Changing stroke rehab and research worldwide now.Time is Brain! trillions and trillions of neurons that DIE each day because there are NO effective hyperacute therapies besides tPA(only 12% effective). I have 523 posts on hyperacute therapy, enough for researchers to spend decades proving them out. These are my personal ideas and blog on stroke rehabilitation and stroke research. Do not attempt any of these without checking with your medical provider. Unless you join me in agitating, when you need these therapies they won't be there.

What this blog is for:

My blog is not to help survivors recover, it is to have the 10 million yearly stroke survivors light fires underneath their doctors, stroke hospitals and stroke researchers to get stroke solved. 100% recovery. The stroke medical world is completely failing at that goal, they don't even have it as a goal.
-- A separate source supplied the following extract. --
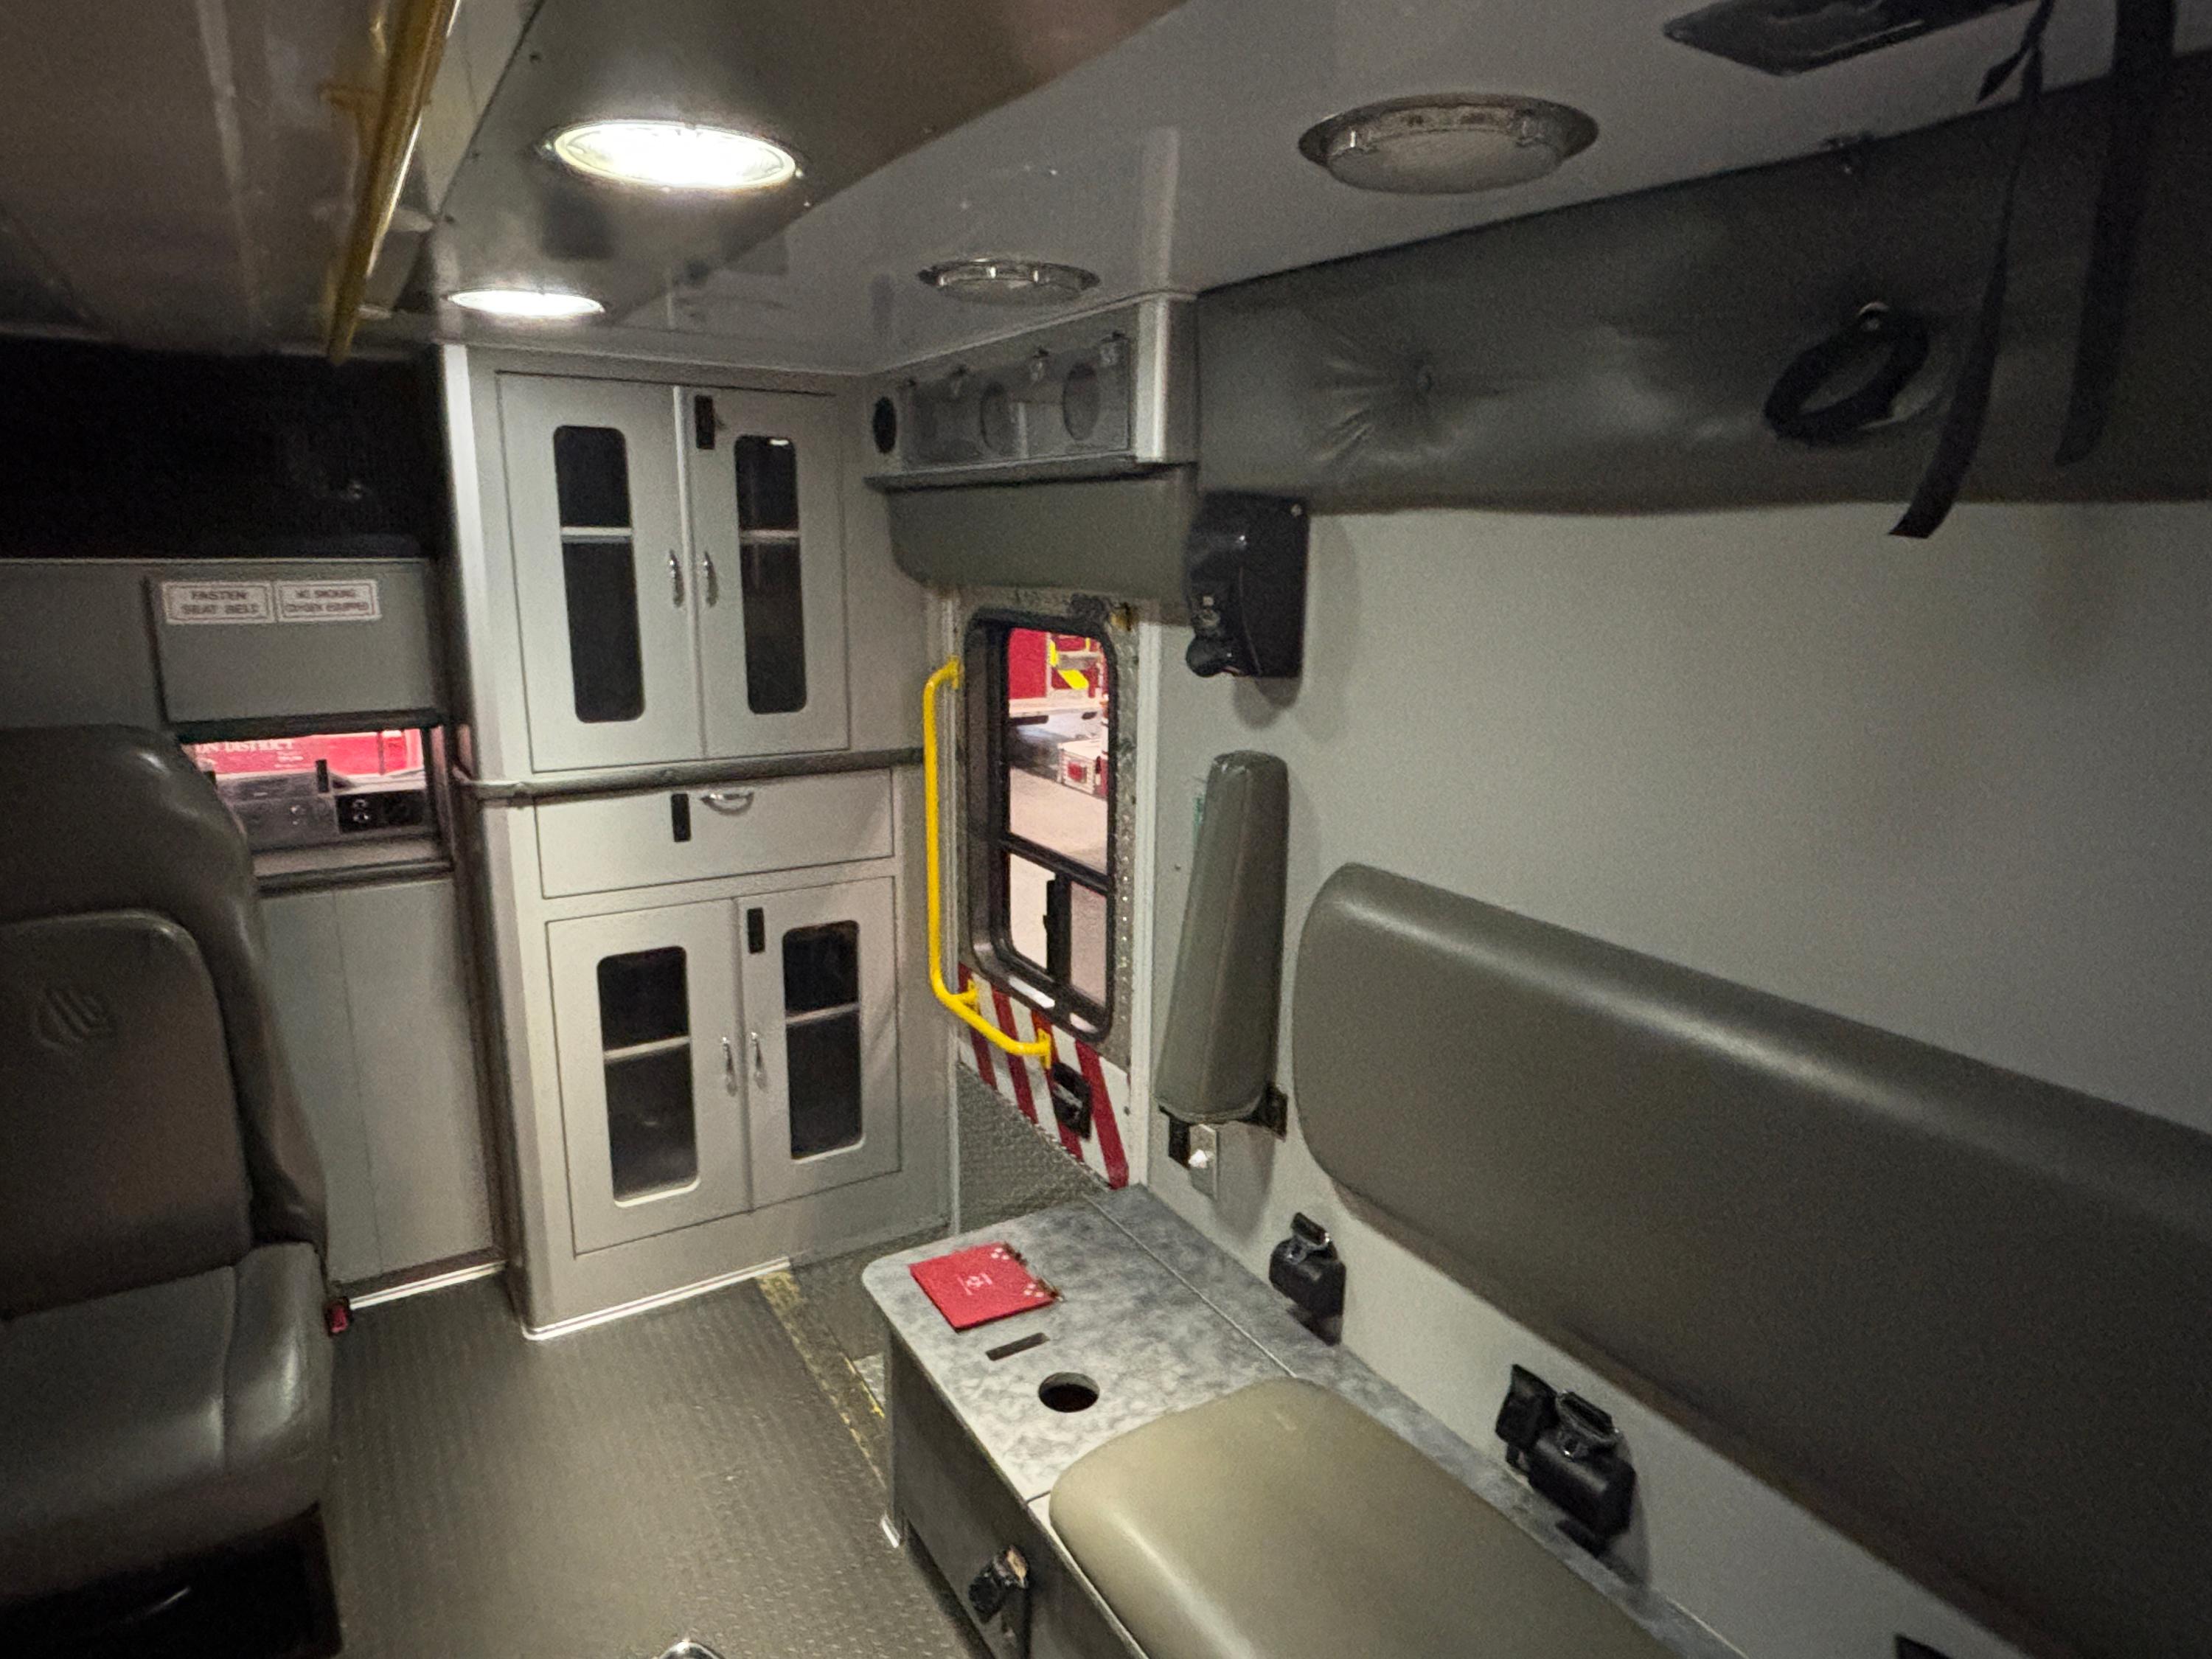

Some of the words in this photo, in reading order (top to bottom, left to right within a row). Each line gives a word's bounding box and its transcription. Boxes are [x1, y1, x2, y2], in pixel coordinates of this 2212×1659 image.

[191, 590, 247, 600] FASTEN
[181, 603, 218, 614] SEAT
[224, 739, 293, 753] DISTRICT
Shortly after getting out of the hospital and getting NO information on the process or protocols of stroke rehabilitation and recovery I started searching on the internet and found that no other survivor received useful information. This is an attempt to cover all stroke rehabilitation information that should be readily available to survivors so they can talk with informed knowledge to their medical staff. It lays out what needs to be done to get stroke survivors closer to 100% recovery. It's quite disgusting that this information is not available from every stroke association and doctors group.

Thursday, March 21, 2024

Unlocking Motion: The Unexpected Complexity of Motor Neurons

 

Well surprise surprise; this was known a decade ago!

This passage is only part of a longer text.